=== How to complete this task ===
From the line that contains "Some of the words" to the last line of the data, every line is to be transcribed exactly; no other line is to be included.

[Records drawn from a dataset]
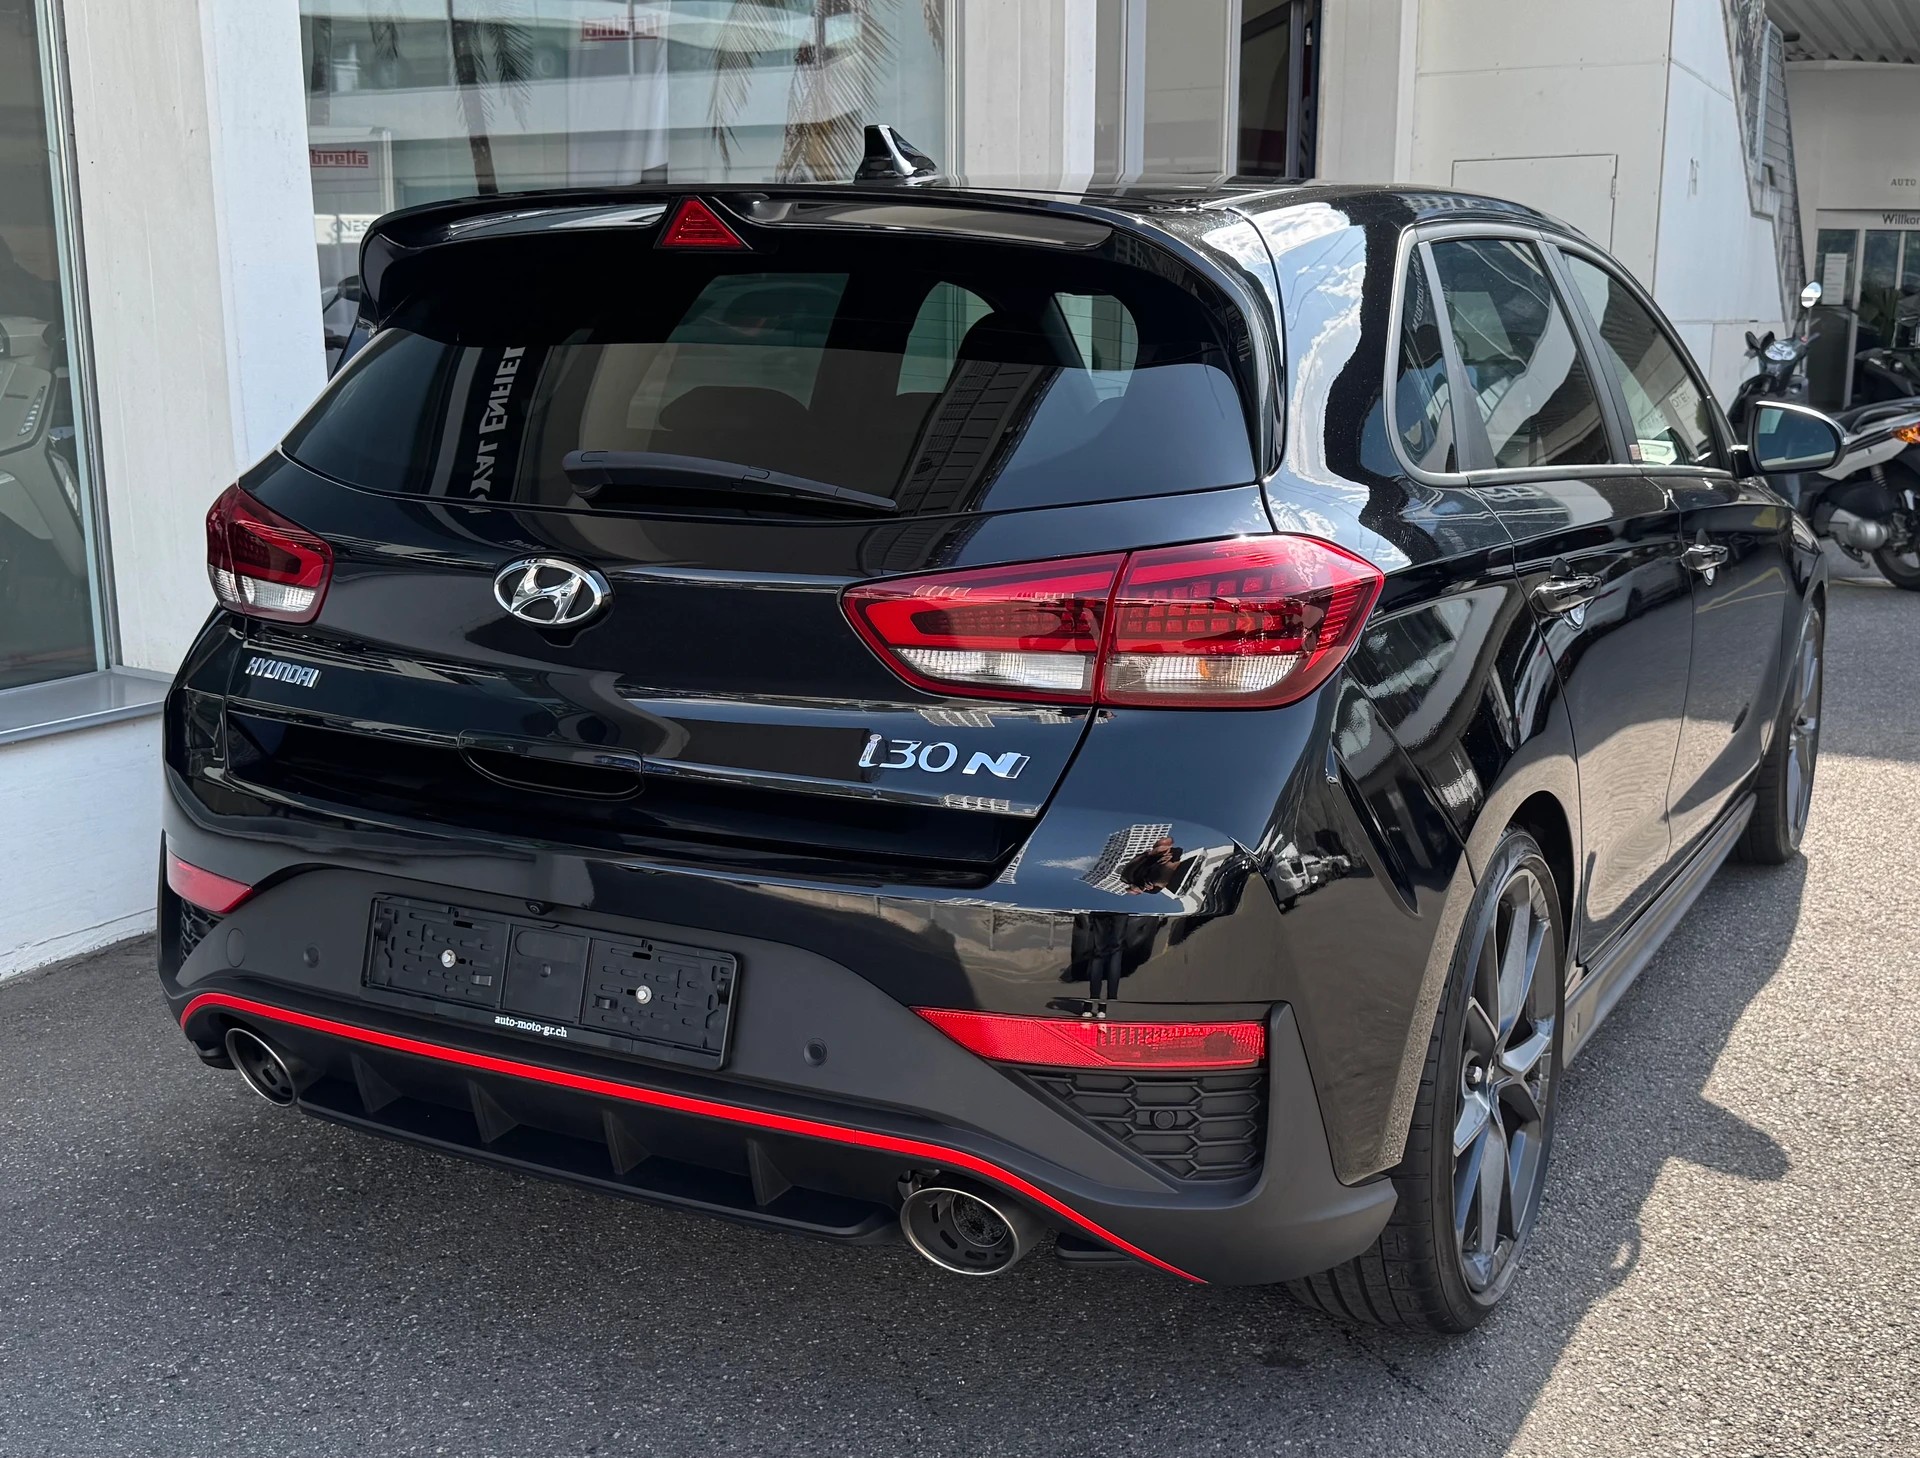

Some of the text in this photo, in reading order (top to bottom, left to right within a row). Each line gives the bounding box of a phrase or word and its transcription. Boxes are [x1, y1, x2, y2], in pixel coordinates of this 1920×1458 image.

[1890, 178, 1917, 186] AUTO
[245, 656, 321, 688] HYUNDAI
[858, 733, 1031, 780] i30 N
[494, 1015, 568, 1038] auto-moto-gr.ch
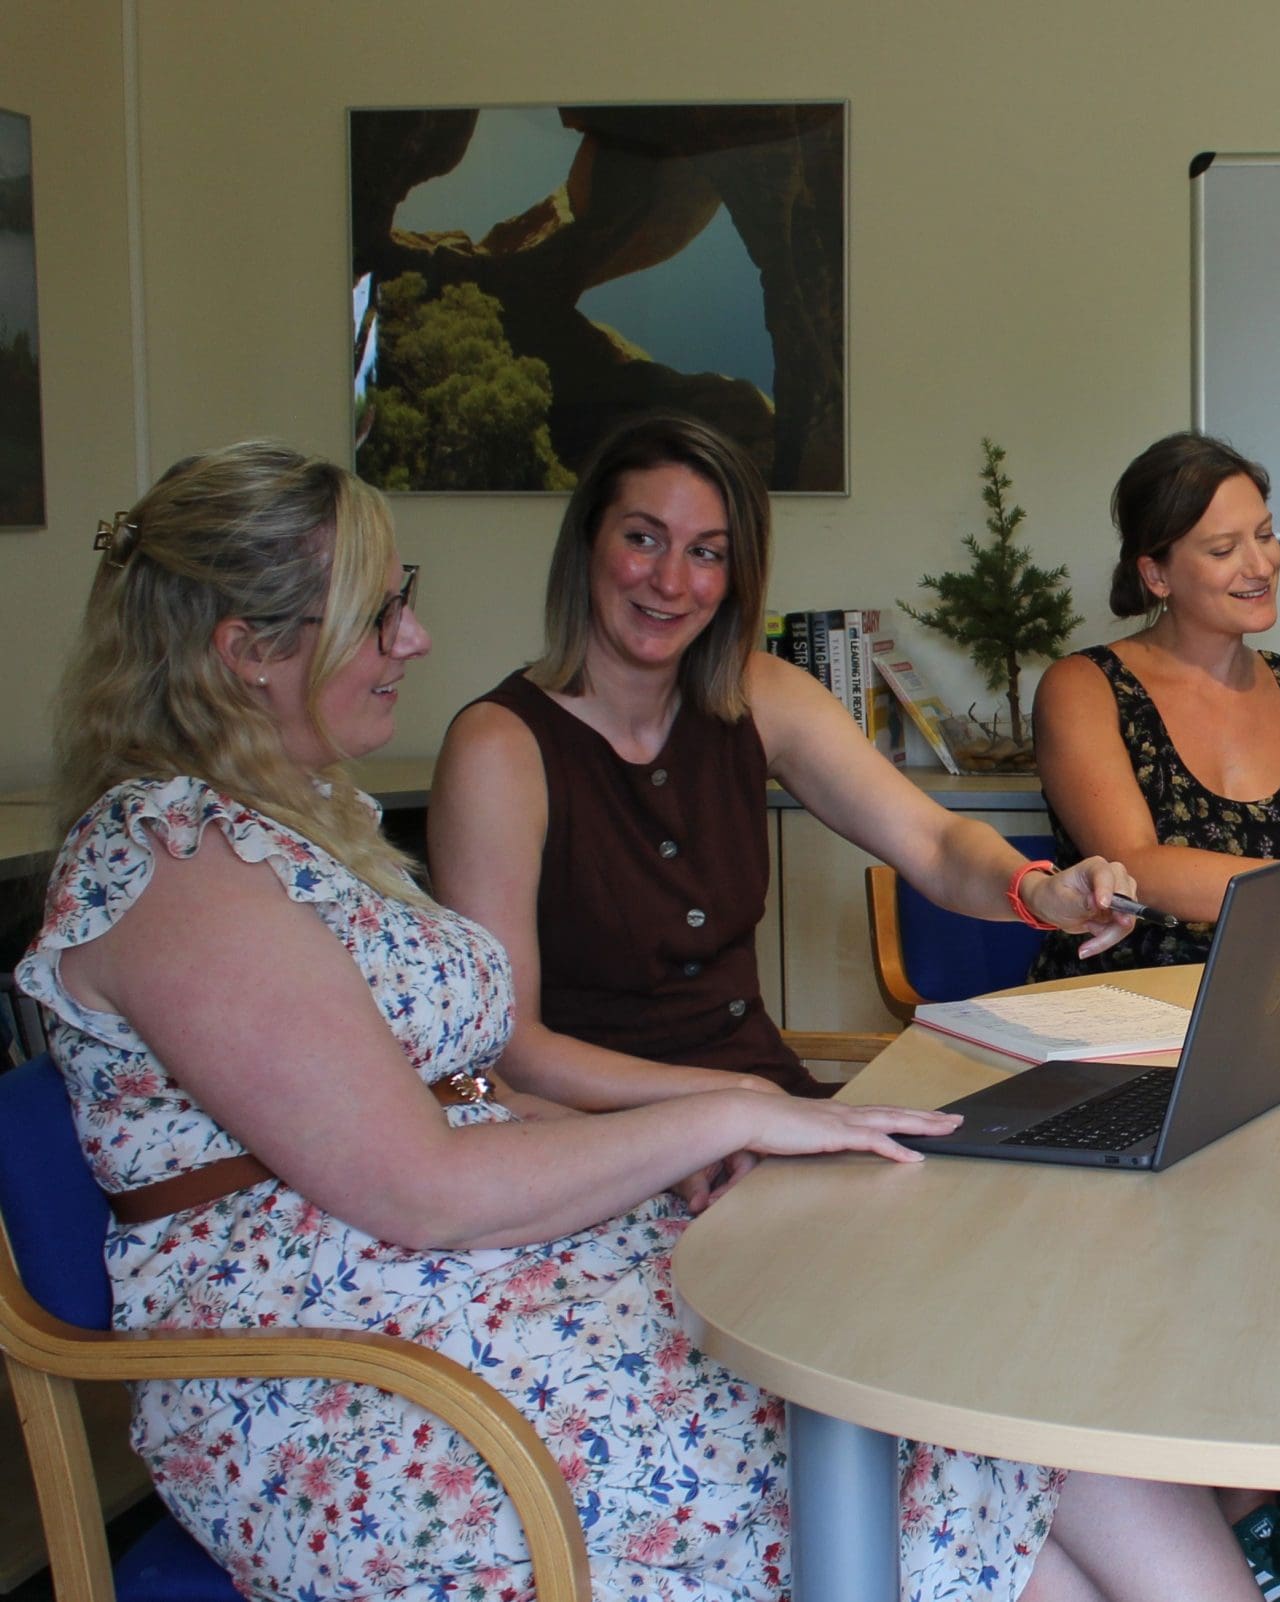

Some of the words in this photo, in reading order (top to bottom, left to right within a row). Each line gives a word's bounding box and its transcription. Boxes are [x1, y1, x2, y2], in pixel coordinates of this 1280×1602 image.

[815, 620, 827, 663] LIVING
[850, 640, 861, 678] LEADING
[852, 679, 862, 695] THE

=== Answer section ===
Some of the words in this photo, in reading order (top to bottom, left to right within a row). Each line gives a word's bounding box and its transcription. Boxes are [x1, y1, x2, y2], in pixel coordinates of this 1280×1602 image.

[815, 620, 827, 663] LIVING
[850, 640, 861, 678] LEADING
[852, 679, 862, 695] THE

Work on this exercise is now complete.